Referring expression grounding data
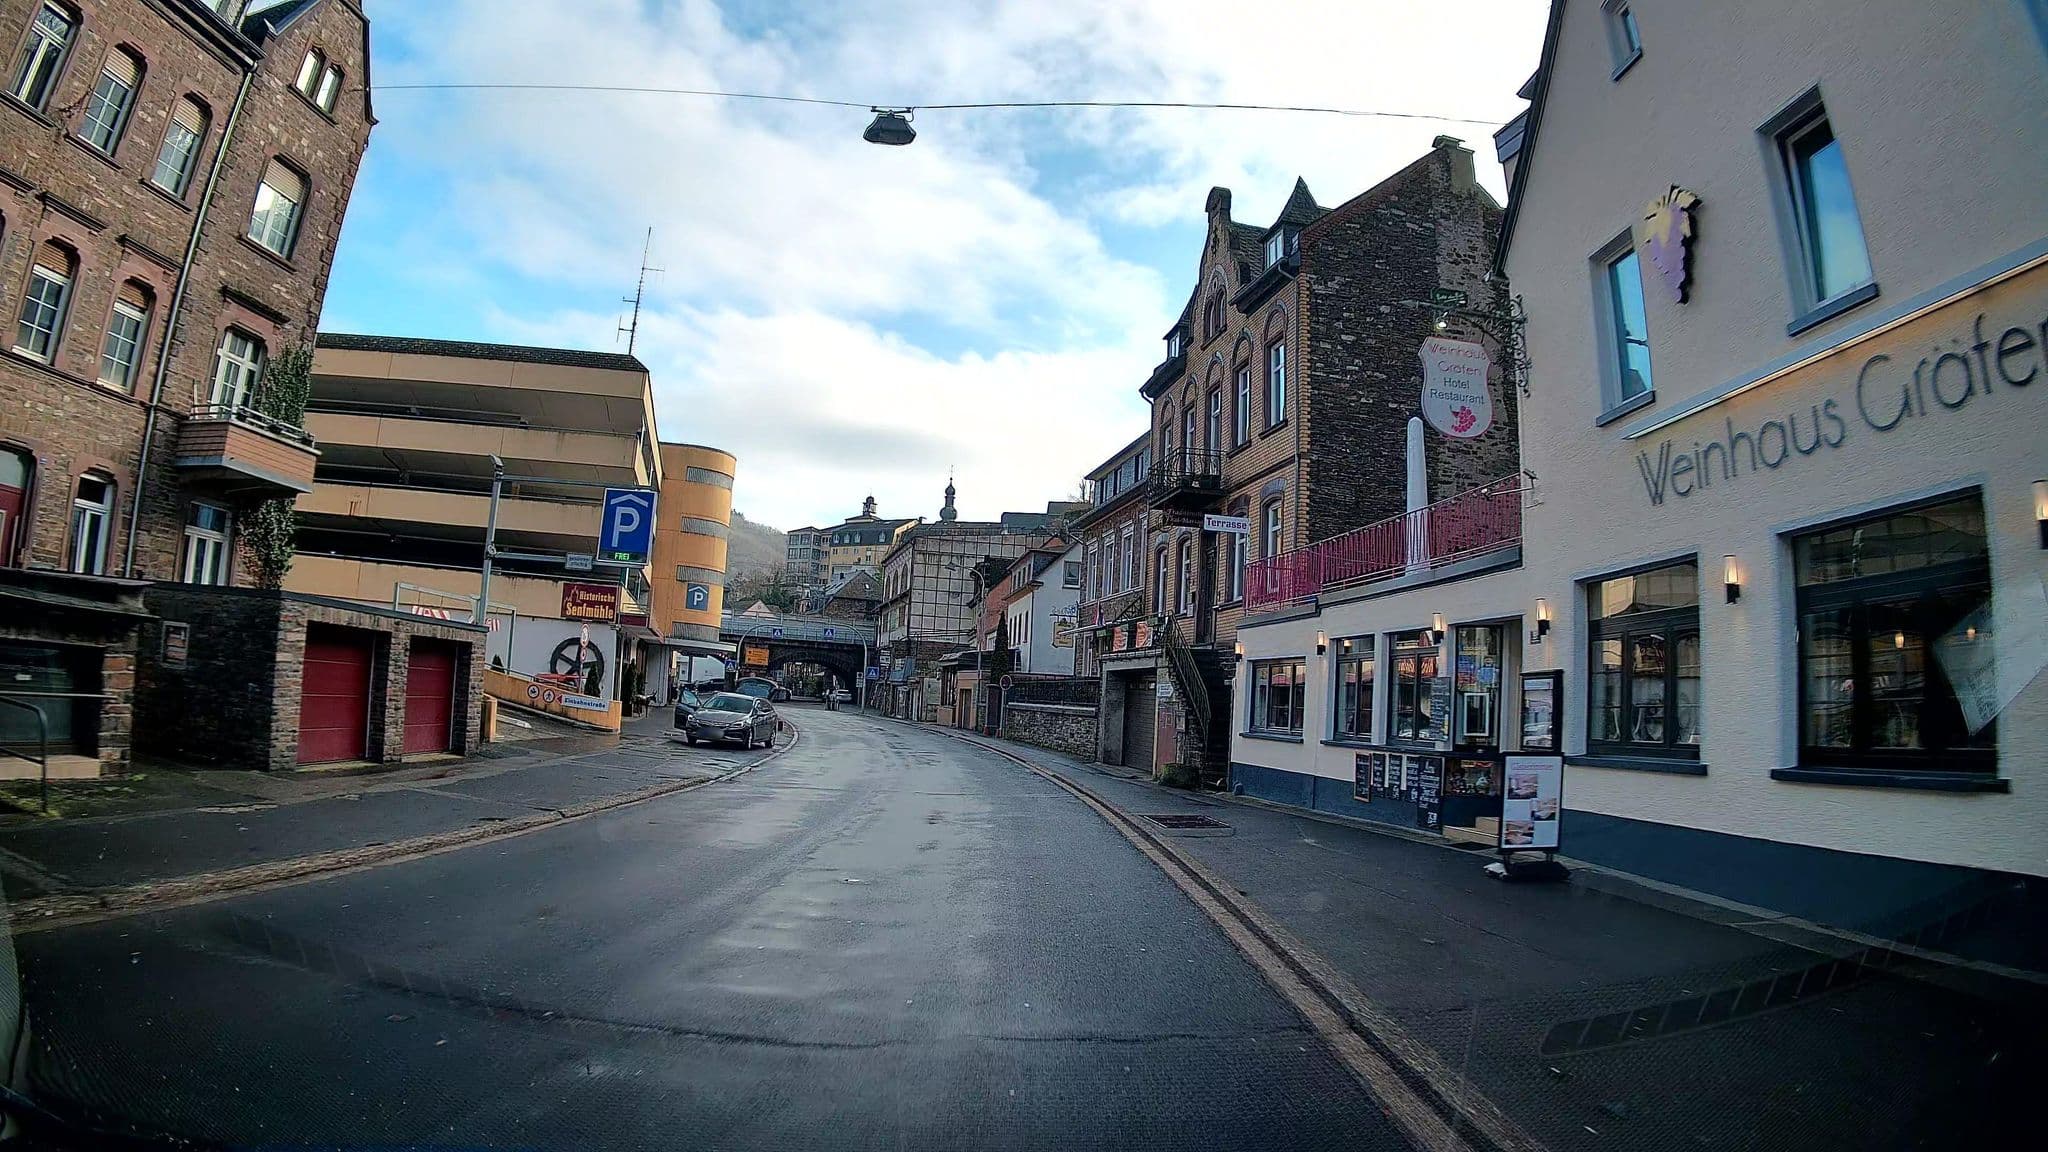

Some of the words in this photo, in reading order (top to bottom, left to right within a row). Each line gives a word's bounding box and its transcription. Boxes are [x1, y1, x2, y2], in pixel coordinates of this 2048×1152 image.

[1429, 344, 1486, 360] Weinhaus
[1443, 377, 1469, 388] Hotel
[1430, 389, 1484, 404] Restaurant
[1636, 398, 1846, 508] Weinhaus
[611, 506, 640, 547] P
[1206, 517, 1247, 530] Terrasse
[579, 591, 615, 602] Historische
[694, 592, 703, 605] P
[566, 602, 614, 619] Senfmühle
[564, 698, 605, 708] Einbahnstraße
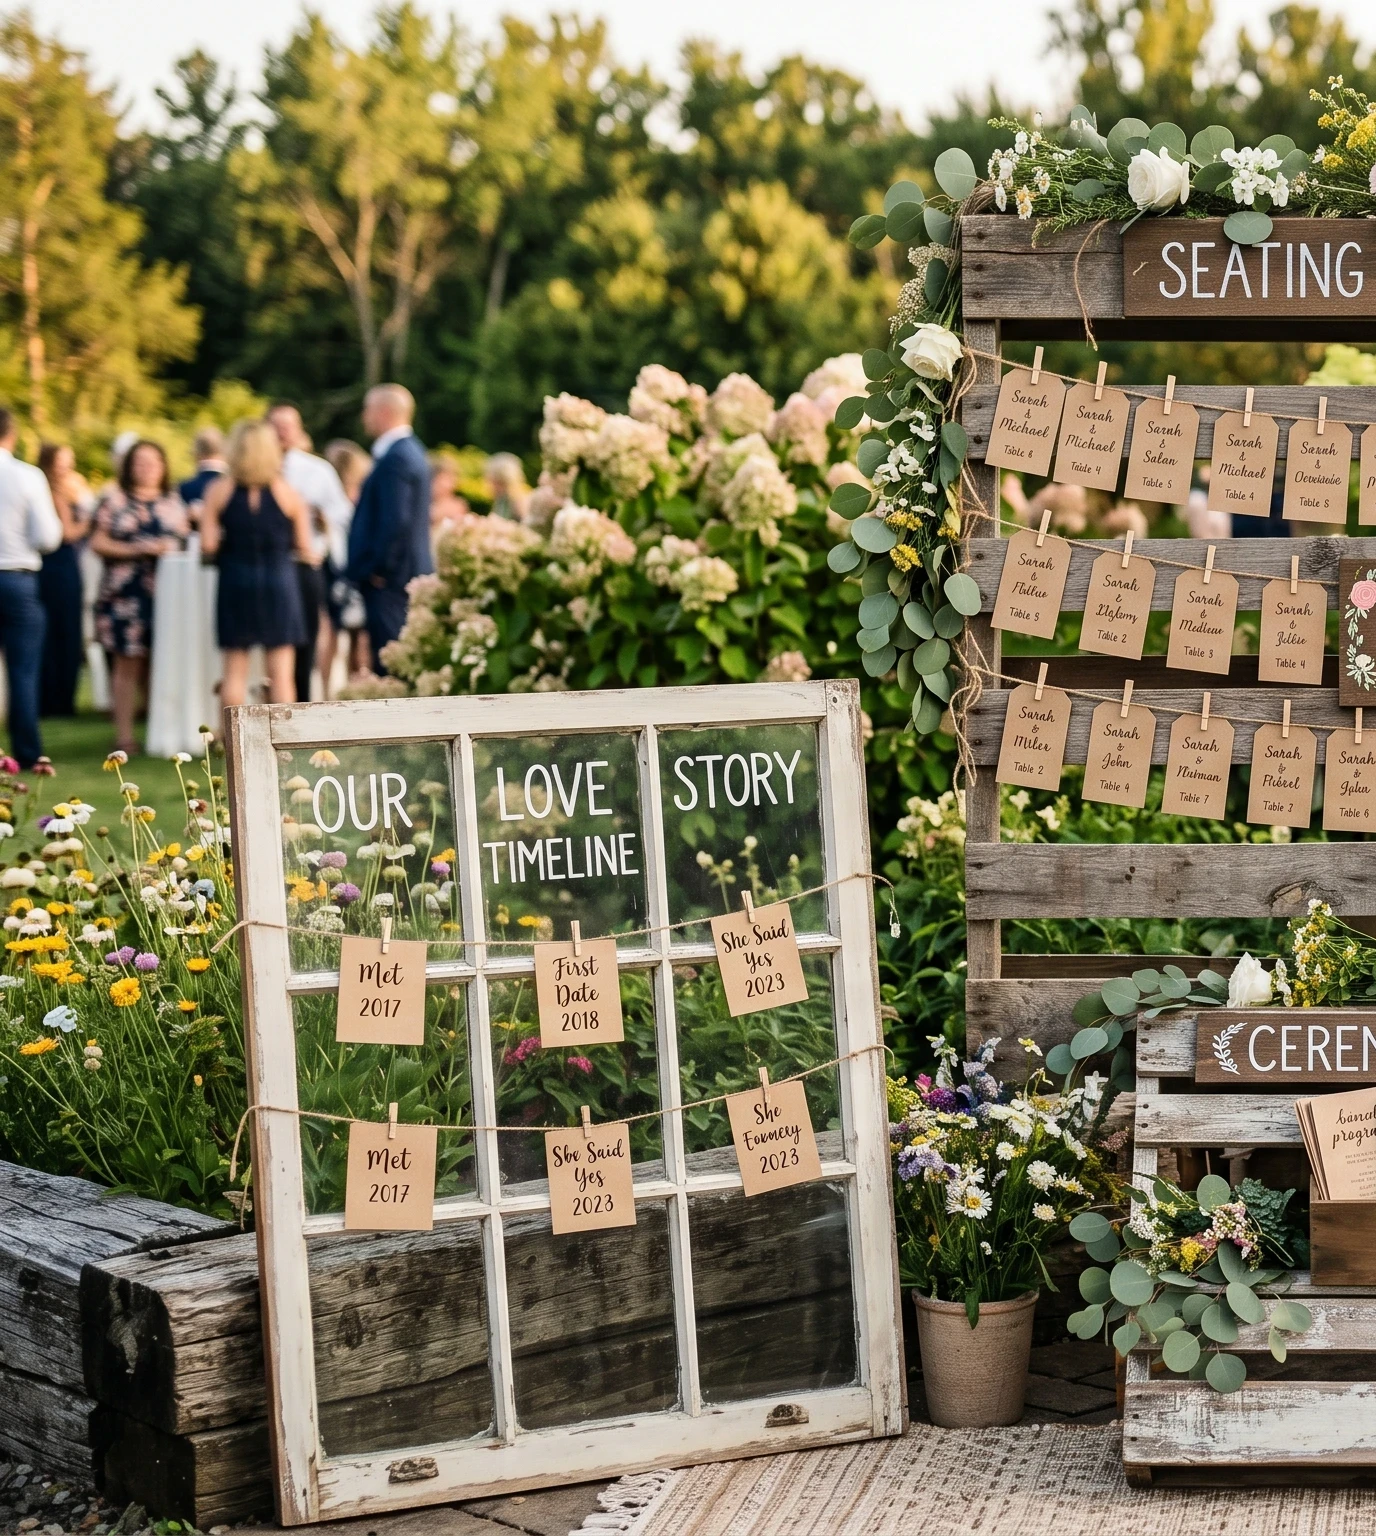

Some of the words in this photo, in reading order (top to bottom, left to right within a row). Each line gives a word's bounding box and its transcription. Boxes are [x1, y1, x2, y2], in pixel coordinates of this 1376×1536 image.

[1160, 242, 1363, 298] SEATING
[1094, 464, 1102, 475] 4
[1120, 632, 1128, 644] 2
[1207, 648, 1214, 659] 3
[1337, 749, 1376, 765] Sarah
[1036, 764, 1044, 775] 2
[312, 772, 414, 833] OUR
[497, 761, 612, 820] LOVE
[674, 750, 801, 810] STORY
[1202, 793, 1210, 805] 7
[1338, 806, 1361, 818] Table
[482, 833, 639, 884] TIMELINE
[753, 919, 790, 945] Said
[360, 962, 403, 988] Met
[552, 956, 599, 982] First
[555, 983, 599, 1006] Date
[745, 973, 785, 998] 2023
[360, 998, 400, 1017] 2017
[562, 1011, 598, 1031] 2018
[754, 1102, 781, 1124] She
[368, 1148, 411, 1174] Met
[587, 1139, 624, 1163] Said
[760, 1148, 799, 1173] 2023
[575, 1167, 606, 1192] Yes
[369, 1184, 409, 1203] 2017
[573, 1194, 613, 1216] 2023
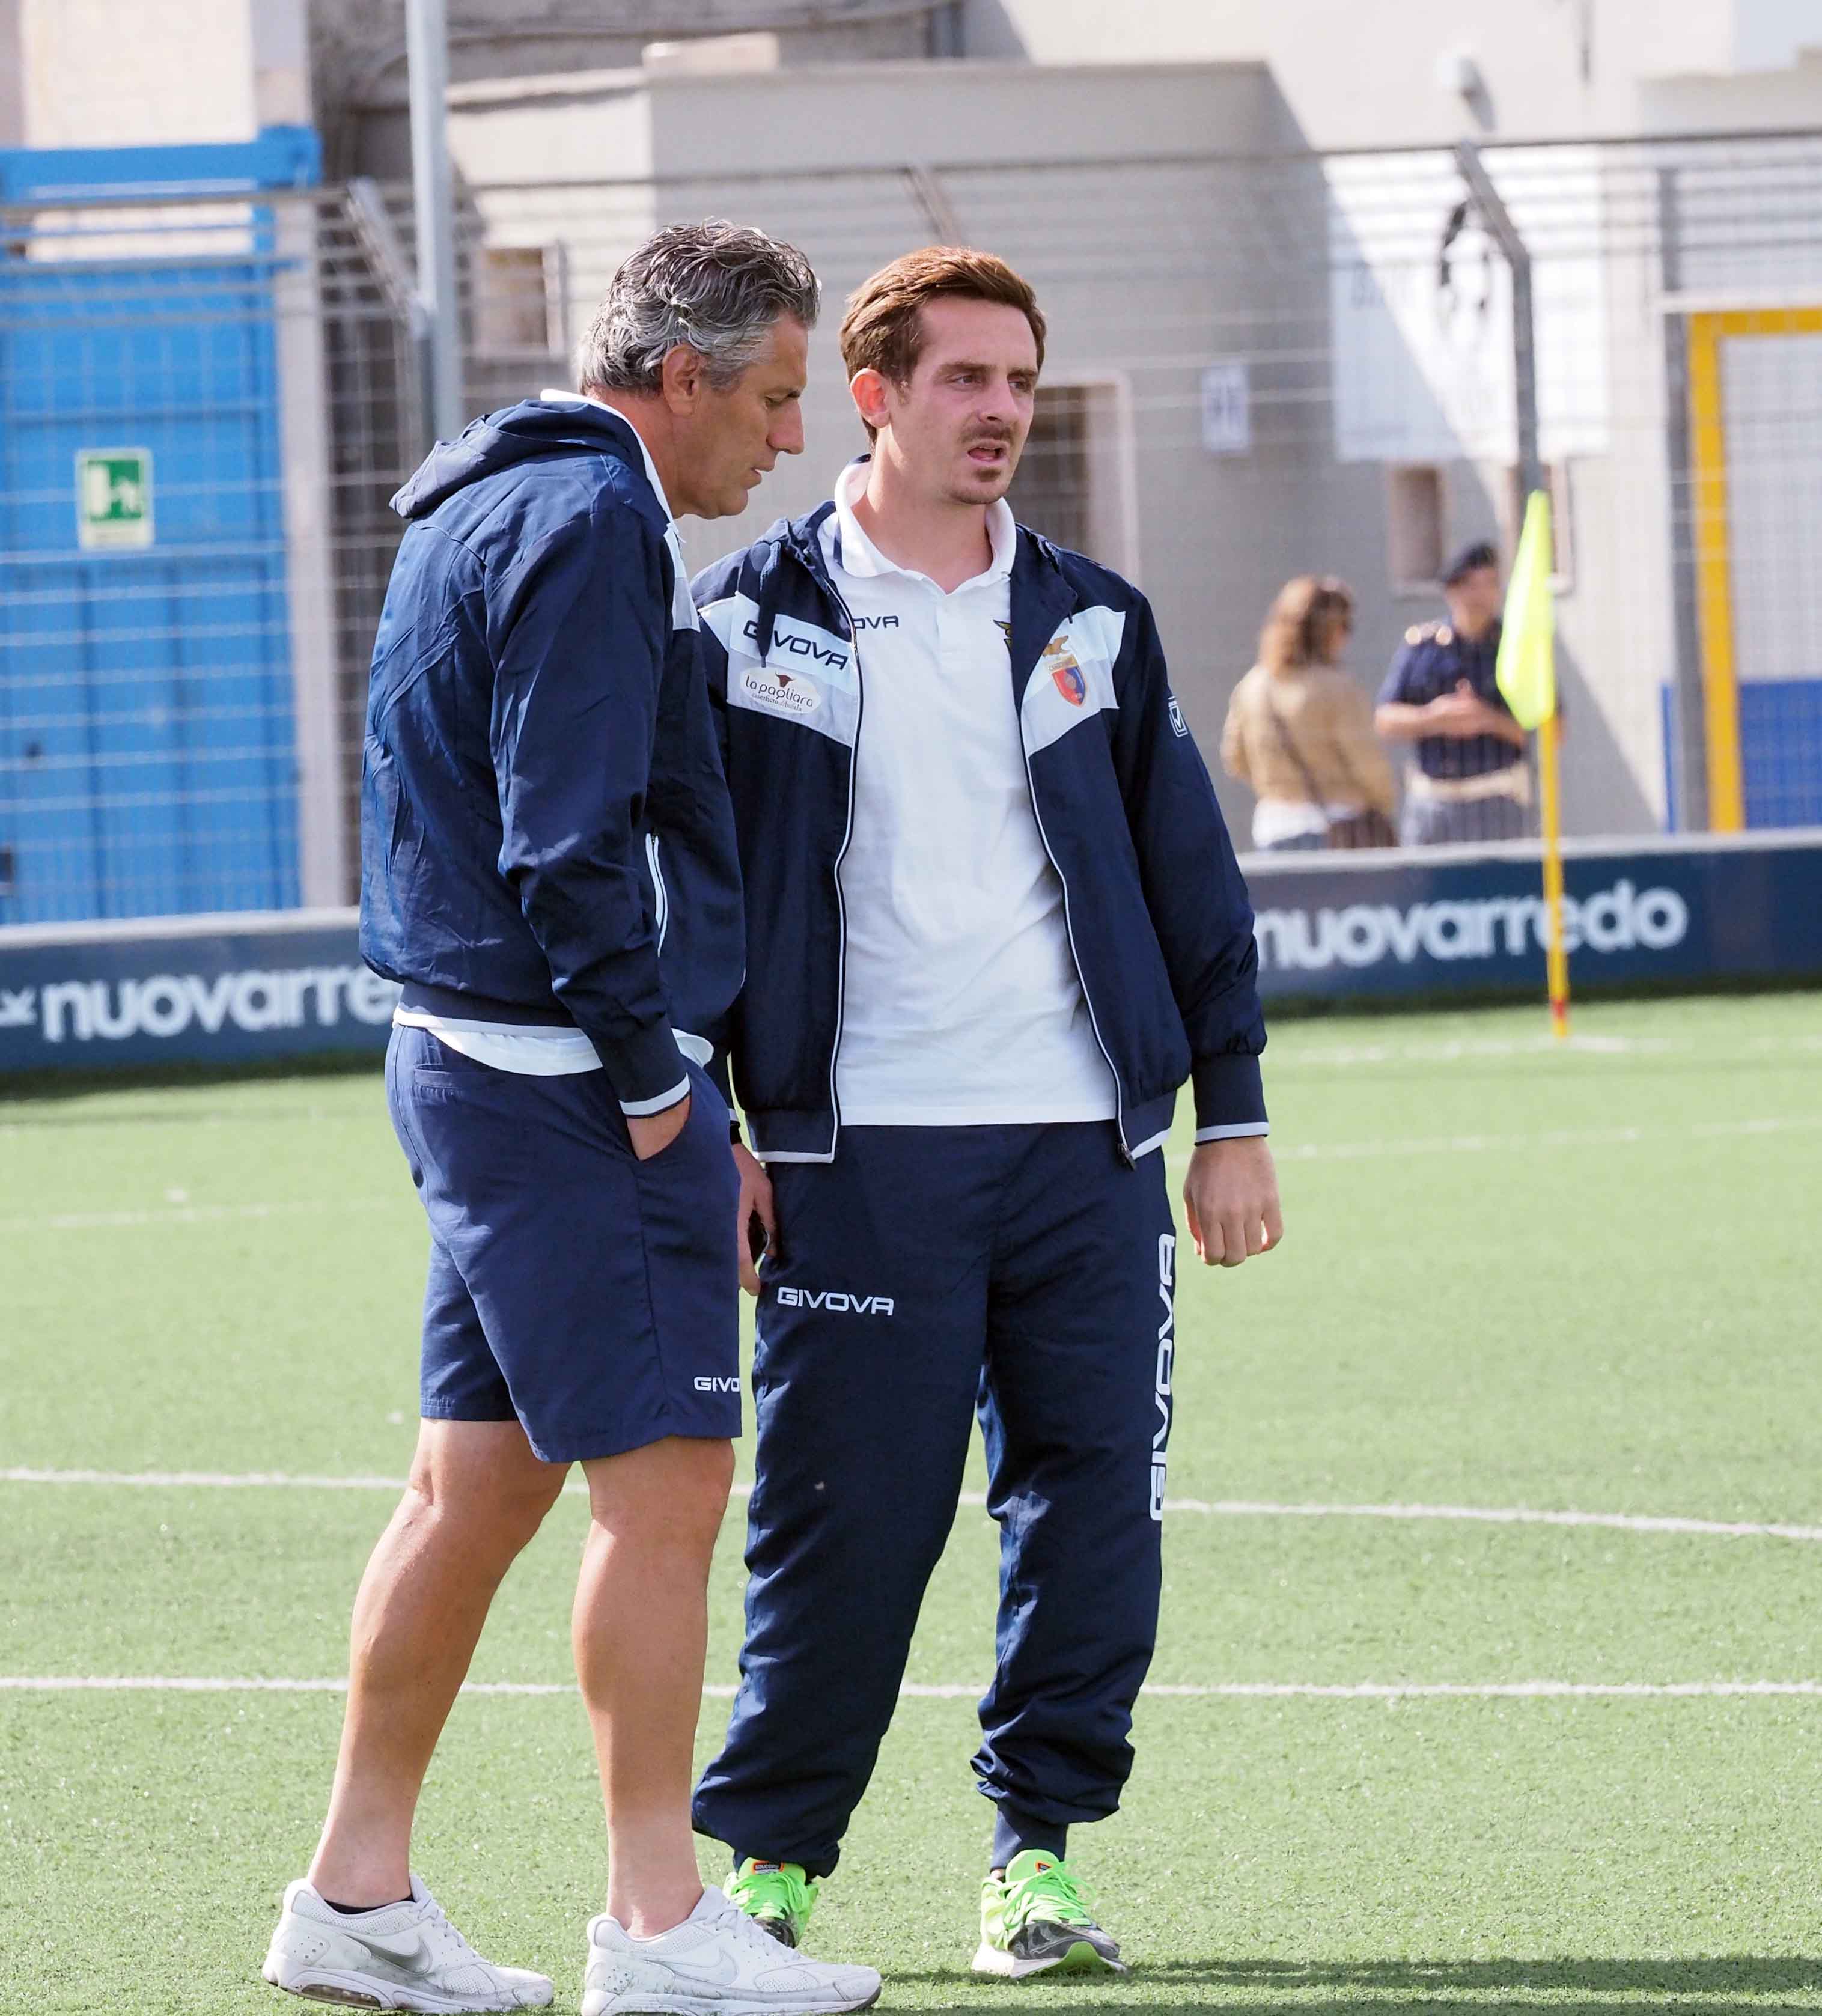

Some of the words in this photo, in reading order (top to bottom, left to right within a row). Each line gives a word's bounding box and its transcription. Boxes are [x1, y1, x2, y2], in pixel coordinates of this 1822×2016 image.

■ THE PROBLEM ■
Keep the pictures out and transcribe the entries exactly.

■ REPLY ■
Some of the words in this photo, in reading order (top to bottom, left to right within a row). Each line gives a word's bounding box and its transcription. Boxes are [x1, y1, x2, y2], in pixel coordinates of this 2048×1152 image.

[1429, 344, 1486, 360] Weinhaus
[1443, 377, 1469, 388] Hotel
[1430, 389, 1484, 404] Restaurant
[1636, 398, 1846, 508] Weinhaus
[611, 506, 640, 547] P
[1206, 517, 1247, 530] Terrasse
[579, 591, 615, 602] Historische
[694, 592, 703, 605] P
[566, 602, 614, 619] Senfmühle
[564, 698, 605, 708] Einbahnstraße

Some of the words in this photo, in reading order (top to bottom, left to right within a row). Each line gives a word's bounding box and its transcription. Boxes are [x1, y1, x2, y2], in pixel coordinates of this 1376×1536 image.

[1160, 242, 1363, 298] SEATING
[1094, 464, 1102, 475] 4
[1120, 632, 1128, 644] 2
[1207, 648, 1214, 659] 3
[1337, 749, 1376, 765] Sarah
[1036, 764, 1044, 775] 2
[312, 772, 414, 833] OUR
[497, 761, 612, 820] LOVE
[674, 750, 801, 810] STORY
[1202, 793, 1210, 805] 7
[1338, 806, 1361, 818] Table
[482, 833, 639, 884] TIMELINE
[753, 919, 790, 945] Said
[360, 962, 403, 988] Met
[552, 956, 599, 982] First
[555, 983, 599, 1006] Date
[745, 973, 785, 998] 2023
[360, 998, 400, 1017] 2017
[562, 1011, 598, 1031] 2018
[754, 1102, 781, 1124] She
[368, 1148, 411, 1174] Met
[587, 1139, 624, 1163] Said
[760, 1148, 799, 1173] 2023
[575, 1167, 606, 1192] Yes
[369, 1184, 409, 1203] 2017
[573, 1194, 613, 1216] 2023

Some of the words in this photo, in reading order (top to bottom, left to right within a row). Each line gives a word's bounding box and its transcription. Boxes are [x1, y1, x2, y2], in pixel coordinates of this 1822×2016 image.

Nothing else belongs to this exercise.